REQUIREMENT | Every entry is to be set down a second time, precisely as written.

DATASET RECORDS |
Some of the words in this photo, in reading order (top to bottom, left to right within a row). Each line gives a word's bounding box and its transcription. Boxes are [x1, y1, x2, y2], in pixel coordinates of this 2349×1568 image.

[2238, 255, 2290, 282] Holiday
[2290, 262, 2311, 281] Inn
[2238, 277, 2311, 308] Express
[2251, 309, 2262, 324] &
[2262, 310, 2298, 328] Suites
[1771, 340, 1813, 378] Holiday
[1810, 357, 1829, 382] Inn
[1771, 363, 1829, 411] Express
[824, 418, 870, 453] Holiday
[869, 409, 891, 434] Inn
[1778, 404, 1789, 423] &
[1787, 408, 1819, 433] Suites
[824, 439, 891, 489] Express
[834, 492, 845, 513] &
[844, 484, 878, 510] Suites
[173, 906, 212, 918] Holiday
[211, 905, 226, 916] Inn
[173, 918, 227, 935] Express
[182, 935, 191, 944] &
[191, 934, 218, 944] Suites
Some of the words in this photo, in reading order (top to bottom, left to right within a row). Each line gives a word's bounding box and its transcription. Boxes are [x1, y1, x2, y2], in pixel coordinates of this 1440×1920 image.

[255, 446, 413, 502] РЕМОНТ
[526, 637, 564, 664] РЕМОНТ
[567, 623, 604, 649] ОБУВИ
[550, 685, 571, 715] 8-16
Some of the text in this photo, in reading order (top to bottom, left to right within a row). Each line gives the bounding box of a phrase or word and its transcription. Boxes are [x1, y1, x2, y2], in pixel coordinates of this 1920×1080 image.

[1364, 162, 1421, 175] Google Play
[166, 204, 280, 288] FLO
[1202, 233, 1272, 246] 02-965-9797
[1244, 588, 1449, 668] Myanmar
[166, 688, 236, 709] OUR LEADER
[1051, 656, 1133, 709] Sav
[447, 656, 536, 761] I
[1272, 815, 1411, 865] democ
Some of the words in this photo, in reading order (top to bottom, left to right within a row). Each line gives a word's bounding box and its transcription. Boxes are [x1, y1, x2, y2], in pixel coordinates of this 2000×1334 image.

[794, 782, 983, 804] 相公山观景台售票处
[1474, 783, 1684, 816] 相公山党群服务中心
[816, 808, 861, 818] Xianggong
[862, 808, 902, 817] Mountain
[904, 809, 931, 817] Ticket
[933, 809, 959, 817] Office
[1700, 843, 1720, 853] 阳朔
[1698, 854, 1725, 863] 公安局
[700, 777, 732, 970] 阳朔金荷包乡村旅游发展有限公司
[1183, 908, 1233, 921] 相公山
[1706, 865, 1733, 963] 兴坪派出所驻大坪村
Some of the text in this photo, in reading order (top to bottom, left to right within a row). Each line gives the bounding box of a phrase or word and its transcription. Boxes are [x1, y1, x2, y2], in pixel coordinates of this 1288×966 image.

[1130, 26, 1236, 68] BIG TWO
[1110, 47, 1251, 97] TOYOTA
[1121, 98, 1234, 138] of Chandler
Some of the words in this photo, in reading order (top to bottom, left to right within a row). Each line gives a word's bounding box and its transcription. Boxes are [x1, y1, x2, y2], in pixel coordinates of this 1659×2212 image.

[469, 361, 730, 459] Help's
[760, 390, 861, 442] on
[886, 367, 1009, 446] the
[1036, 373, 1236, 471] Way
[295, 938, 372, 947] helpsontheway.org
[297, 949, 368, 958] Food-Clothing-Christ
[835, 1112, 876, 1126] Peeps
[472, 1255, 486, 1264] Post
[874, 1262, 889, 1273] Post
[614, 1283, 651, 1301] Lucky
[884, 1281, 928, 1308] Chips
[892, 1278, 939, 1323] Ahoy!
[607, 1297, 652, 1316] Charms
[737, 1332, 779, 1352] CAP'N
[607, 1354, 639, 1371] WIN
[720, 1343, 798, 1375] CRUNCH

RESULT FOR THIS EXERCISE |
Some of the words in this photo, in reading order (top to bottom, left to right within a row). Each line gives a word's bounding box and its transcription. Boxes are [x1, y1, x2, y2], in pixel coordinates of this 2349×1568 image.

[2238, 255, 2290, 282] Holiday
[2290, 262, 2311, 281] Inn
[2238, 277, 2311, 308] Express
[2251, 309, 2262, 324] &
[2262, 310, 2298, 328] Suites
[1771, 340, 1813, 378] Holiday
[1810, 357, 1829, 382] Inn
[1771, 363, 1829, 411] Express
[824, 418, 870, 453] Holiday
[869, 409, 891, 434] Inn
[1778, 404, 1789, 423] &
[1787, 408, 1819, 433] Suites
[824, 439, 891, 489] Express
[834, 492, 845, 513] &
[844, 484, 878, 510] Suites
[173, 906, 212, 918] Holiday
[211, 905, 226, 916] Inn
[173, 918, 227, 935] Express
[182, 935, 191, 944] &
[191, 934, 218, 944] Suites
Some of the words in this photo, in reading order (top to bottom, left to right within a row). Each line gives a word's bounding box and its transcription. Boxes are [x1, y1, x2, y2], in pixel coordinates of this 1440×1920 image.

[255, 446, 413, 502] РЕМОНТ
[526, 637, 564, 664] РЕМОНТ
[567, 623, 604, 649] ОБУВИ
[550, 685, 571, 715] 8-16
Some of the text in this photo, in reading order (top to bottom, left to right within a row). Each line gives the bounding box of a phrase or word and its transcription. Boxes are [x1, y1, x2, y2], in pixel coordinates of this 1920×1080 image.

[1364, 162, 1421, 175] Google Play
[166, 204, 280, 288] FLO
[1202, 233, 1272, 246] 02-965-9797
[1244, 588, 1449, 668] Myanmar
[166, 688, 236, 709] OUR LEADER
[1051, 656, 1133, 709] Sav
[447, 656, 536, 761] I
[1272, 815, 1411, 865] democ
Some of the words in this photo, in reading order (top to bottom, left to right within a row). Each line gives a word's bounding box and its transcription. Boxes are [x1, y1, x2, y2], in pixel coordinates of this 2000×1334 image.

[794, 782, 983, 804] 相公山观景台售票处
[1474, 783, 1684, 816] 相公山党群服务中心
[816, 808, 861, 818] Xianggong
[862, 808, 902, 817] Mountain
[904, 809, 931, 817] Ticket
[933, 809, 959, 817] Office
[1700, 843, 1720, 853] 阳朔
[1698, 854, 1725, 863] 公安局
[700, 777, 732, 970] 阳朔金荷包乡村旅游发展有限公司
[1183, 908, 1233, 921] 相公山
[1706, 865, 1733, 963] 兴坪派出所驻大坪村
Some of the text in this photo, in reading order (top to bottom, left to right within a row). Each line gives the bounding box of a phrase or word and its transcription. Boxes are [x1, y1, x2, y2], in pixel coordinates of this 1288×966 image.

[1130, 26, 1236, 68] BIG TWO
[1110, 47, 1251, 97] TOYOTA
[1121, 98, 1234, 138] of Chandler
Some of the words in this photo, in reading order (top to bottom, left to right within a row). Each line gives a word's bounding box and its transcription. Boxes are [x1, y1, x2, y2], in pixel coordinates of this 1659×2212 image.

[469, 361, 730, 459] Help's
[760, 390, 861, 442] on
[886, 367, 1009, 446] the
[1036, 373, 1236, 471] Way
[295, 938, 372, 947] helpsontheway.org
[297, 949, 368, 958] Food-Clothing-Christ
[835, 1112, 876, 1126] Peeps
[472, 1255, 486, 1264] Post
[874, 1262, 889, 1273] Post
[614, 1283, 651, 1301] Lucky
[884, 1281, 928, 1308] Chips
[892, 1278, 939, 1323] Ahoy!
[607, 1297, 652, 1316] Charms
[737, 1332, 779, 1352] CAP'N
[607, 1354, 639, 1371] WIN
[720, 1343, 798, 1375] CRUNCH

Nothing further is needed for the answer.